2.3.3 Additional case studies
Not limited to ICAM1, our framework would be reusable in another context for mixing quantitative data and domain knowledge into building models capturing pathways. To allege the generality of the framework, in case study 2, we also applied the framework to other genes related to the interaction between cells, including ACTB and C15orf48. Here, in this main manuscript, we focus only on providing the results of ICAM1-associated pathways considering the purpose of this study. The results of other genes can be referred to in the Supplementary Material.
2.4 Quality control
Before proceeding to the further steps, the single-cell omics data underwent quality control. Quality control included filtering, scaling, and normalization by Scanpy version 1.8.2 (Wolf et al., 2018). Given the cell quality, we regarded the cells with overexpressed mitochondrial RNA per data count tagged by a unique molecular identifier (UMI) (Kivioja et al., 2012) as dead or broken cells. Similarly, cells with many genes per data count tagged by UMI were identified as doublets. Subsequently, the genes detected in fewer than three cells were filtered out to ensure gene quality. The count data were scaled with regression on total UMI counts and normalization per feature based on standard deviation. Normalization of the gene expression data was adjusted for the RNA composition bias and allowed a comparison of the values among the cells. Finally, log-transformation prepared the data for calculating the log-fold changes reflecting the gene expression difference.
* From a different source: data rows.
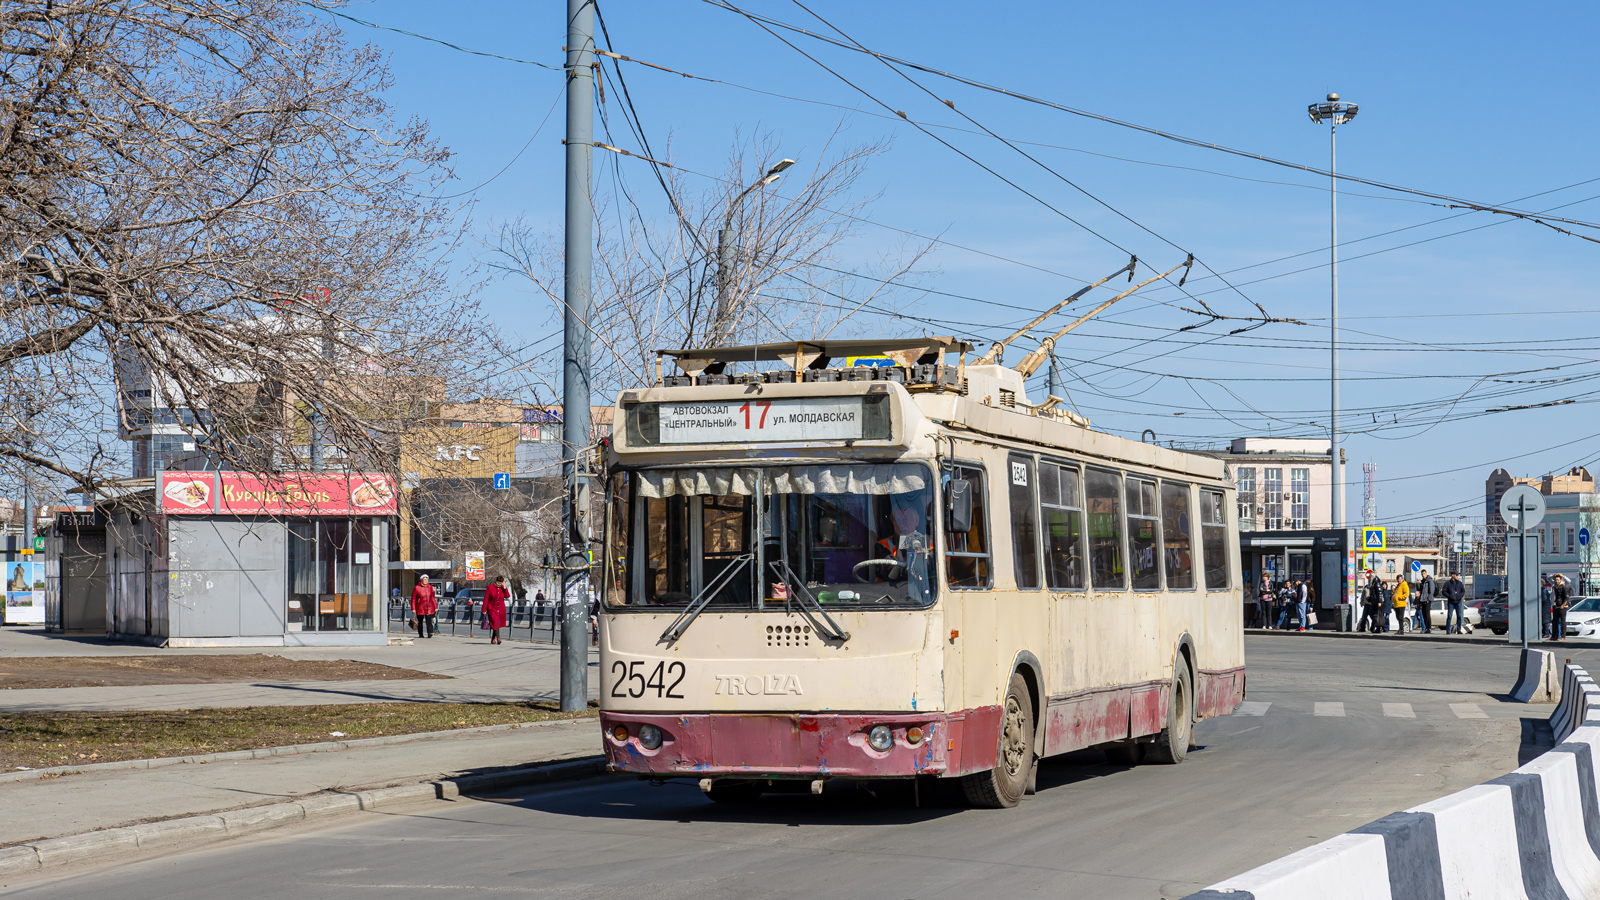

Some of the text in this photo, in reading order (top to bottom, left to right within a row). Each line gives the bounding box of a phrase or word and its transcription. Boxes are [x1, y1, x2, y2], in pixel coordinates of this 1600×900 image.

[673, 405, 729, 416] АВТОВОКЗАЛ
[739, 401, 772, 430] 17
[773, 411, 855, 426] ул. МОЛДАВСКАЯ
[665, 417, 737, 430] «ЦЕНТРАЛЬНЫЙ»
[433, 445, 482, 462] KFC
[1013, 465, 1026, 483] 2542
[611, 660, 686, 699] 2542
[715, 674, 804, 696] TROLZA
The framework was applied concerning the two datasets. The machine configuration was as follows: Python 3.7, GPU Tesla V100-SXM2-16GB, and 51.01 GB of RAM.
3 Results
3.1 Case study 1: ICAM1-associated pathways at different locations (cell types)
3.1.1 Quality control
The data initially contained 77,650 cells × 24,714 genes. Removing the cells with a high proportion of mitochondrial RNA resulted in 15,220 cells. After filtering, the whole dataset contained 68,734 cells × 24,001 genes. Among this dataset, we used the data of four cell types, 21,819 genes in the SARS-CoV-2-infected 15,481 cells (cells with SARS-CoV-2 transcripts detected). The doublet discrimination provided 14,723 cells. The filtering processes excluded 8,916 cells with more than 5,000 expressed genes, 700 genes detected in fewer than three cells, mitochondrially encoded genes, and cells with a low percentage
3.1.2 Single-cell omics data analysis
The genewise analysis extracted the 18 gene clusters with differential expression patterns specific to COVID-19. Excluding the duplicated genes extracted 1,434 DEGs in 9,050 single cells. The results of genewise clustering, heatmap of DEGs, and rank-sum test are shown in Supplementary Figures S1–S3, respectively. The cellwise analysis yielded 11 clusters based on the correlations between gene pairs in the embedded space and distinguished the DEGs whose gene expression levels were correlated. One of the 11 clusters included ICAM1, and this cluster was made of 178 ICAM1’s DCGs. The results of cellwise clustering, heatmap of DCGs, and rank-sum test are shown in Supplementary Figures S4–S6, respectively. The entire list of DEGs and DCGs can be found in Supplementary Tables S1, S2, respectively. Supplementary Table S1 is a hash table of DEGs, including the cluster number, gene name string, log fold change, and p-values, while Supplementary Table S2 is a hash table of DCGs, including gene expression levels for each single cell. The p-values of ICAM1 expression variation and the computation times (sec.) for each cell type are as follows: p = 0.250, time = 51.6 (infected AT1 and AT2); p = 2.50E-4, time = 26.1 (migratory DC); p = 2.57E-12, time = 46.6 (TRAM2); p = 7.55E-2, time = 109.0 (MoAM2); and p = 0.241, time = 178.9 (summation).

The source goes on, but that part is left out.